**Provided data:**
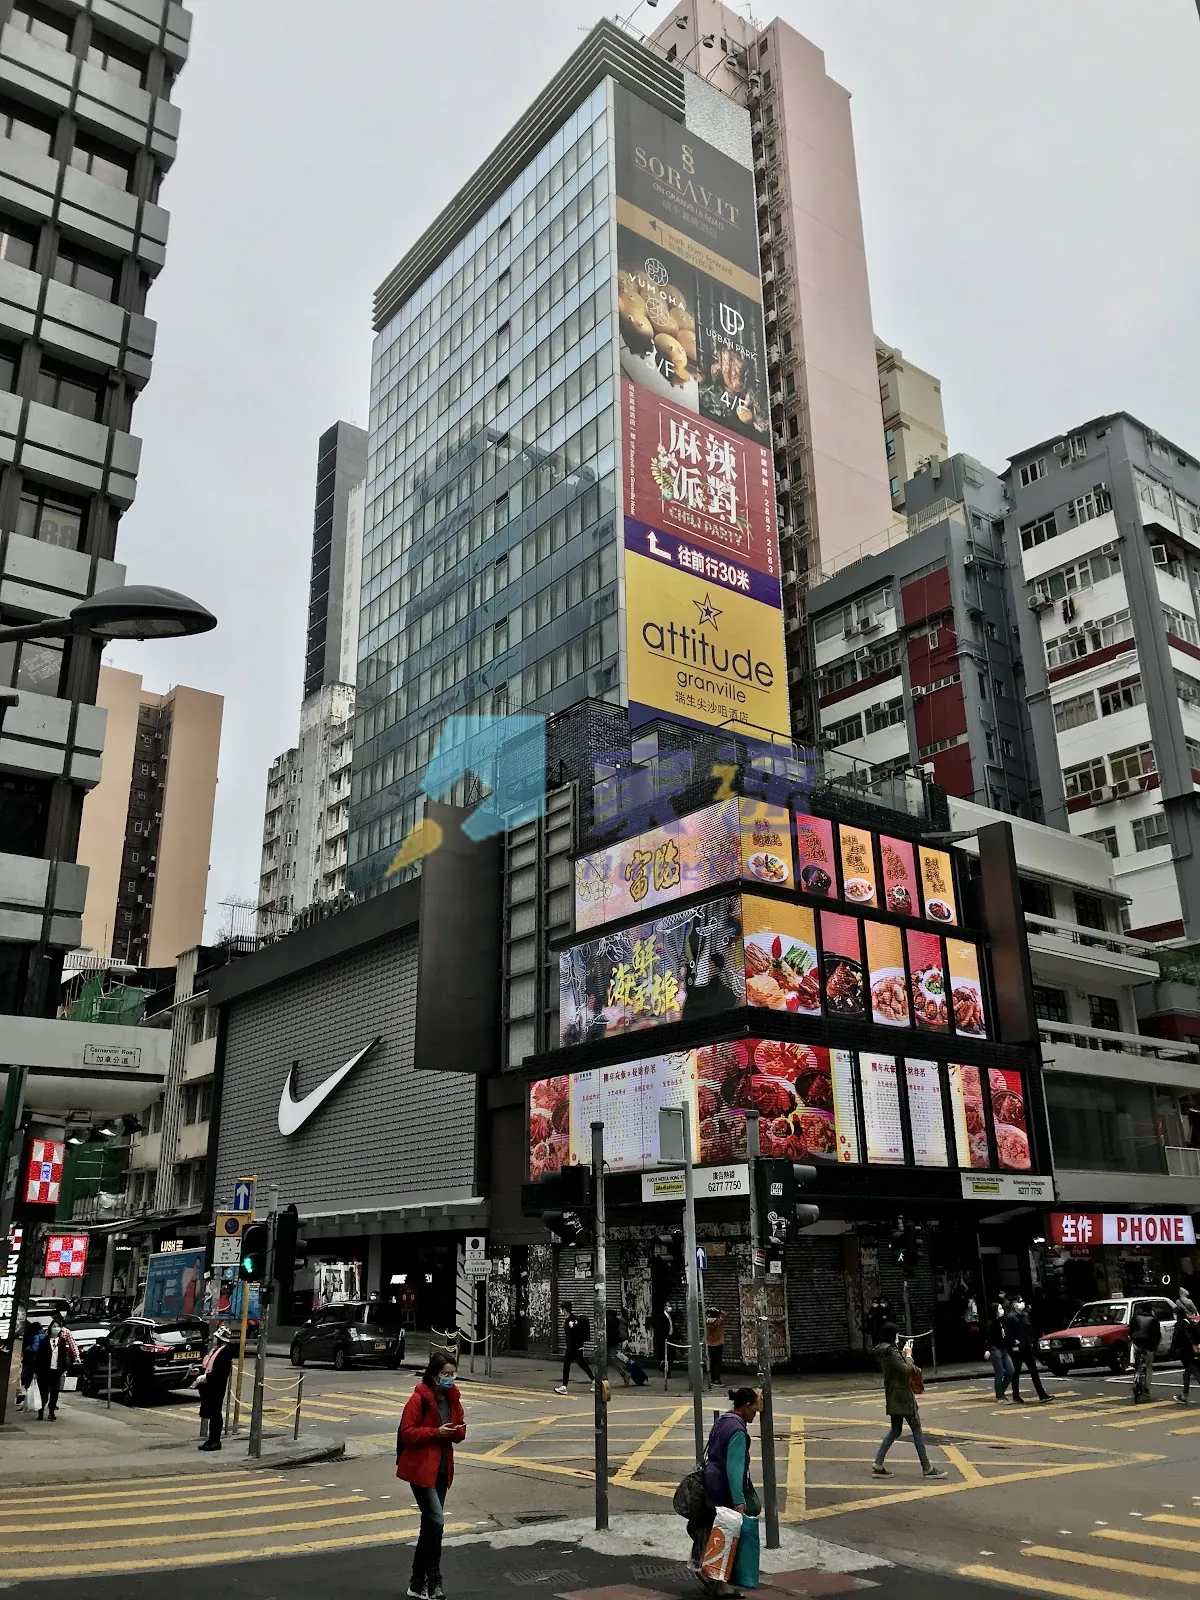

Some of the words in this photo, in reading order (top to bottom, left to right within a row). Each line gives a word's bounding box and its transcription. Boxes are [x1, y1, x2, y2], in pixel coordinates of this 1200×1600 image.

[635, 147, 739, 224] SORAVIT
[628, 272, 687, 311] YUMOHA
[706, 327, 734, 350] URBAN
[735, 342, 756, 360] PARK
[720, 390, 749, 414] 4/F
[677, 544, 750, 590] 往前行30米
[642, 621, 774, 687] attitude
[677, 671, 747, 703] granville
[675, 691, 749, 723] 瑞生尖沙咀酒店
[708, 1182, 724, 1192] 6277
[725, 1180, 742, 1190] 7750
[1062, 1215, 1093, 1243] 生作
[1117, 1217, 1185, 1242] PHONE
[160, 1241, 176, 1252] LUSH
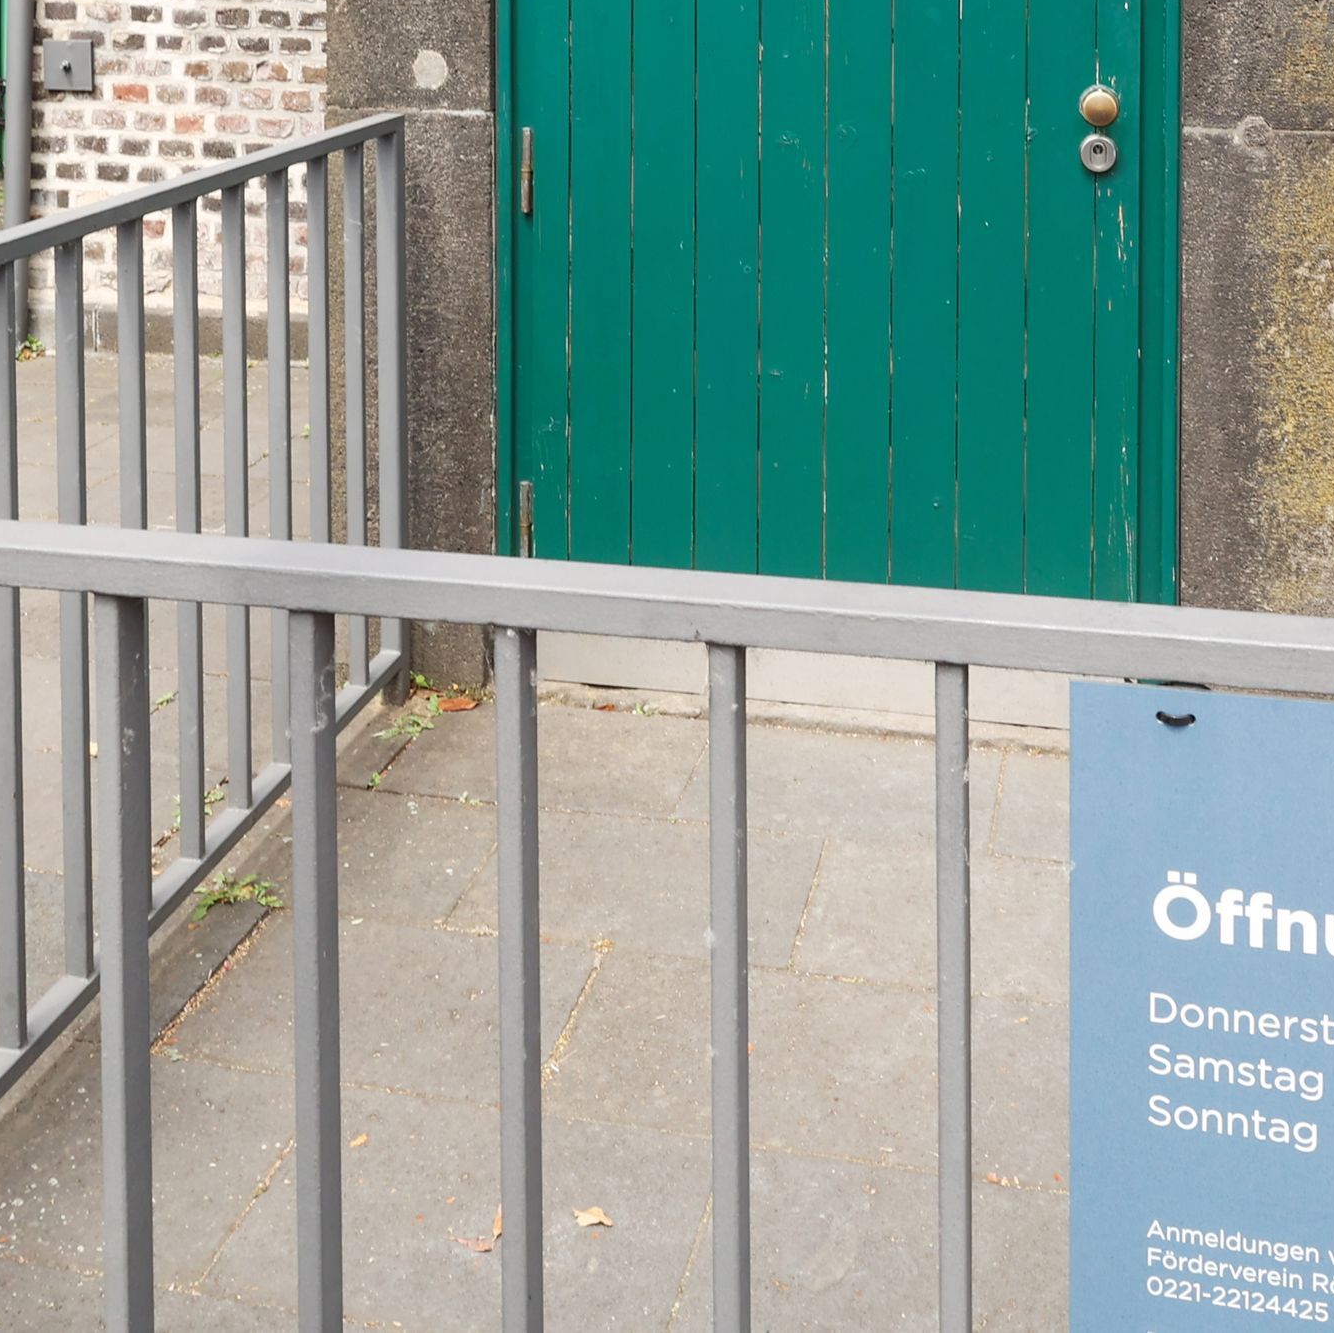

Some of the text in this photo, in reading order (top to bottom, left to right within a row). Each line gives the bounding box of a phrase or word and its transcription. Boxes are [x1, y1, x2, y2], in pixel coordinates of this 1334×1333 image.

**What is required:** All of the material above should be copied exactly, minus the pictures.

**Task output:**
Some of the words in this photo, in reading order (top to bottom, left to right within a row). Each line gives a word's bounding box and its transcription. Boxes are [x1, y1, x2, y2], in pixel coordinates of this 1200×1600 image.

[635, 147, 739, 224] SORAVIT
[628, 272, 687, 311] YUMOHA
[706, 327, 734, 350] URBAN
[735, 342, 756, 360] PARK
[720, 390, 749, 414] 4/F
[677, 544, 750, 590] 往前行30米
[642, 621, 774, 687] attitude
[677, 671, 747, 703] granville
[675, 691, 749, 723] 瑞生尖沙咀酒店
[708, 1182, 724, 1192] 6277
[725, 1180, 742, 1190] 7750
[1062, 1215, 1093, 1243] 生作
[1117, 1217, 1185, 1242] PHONE
[160, 1241, 176, 1252] LUSH

Some of the text in this photo, in reading order (top to bottom, left to right within a row). Each line gives the bounding box of a phrase or word and its transcription. Boxes are [x1, y1, x2, y2], in pixel coordinates of this 1334×1333 image.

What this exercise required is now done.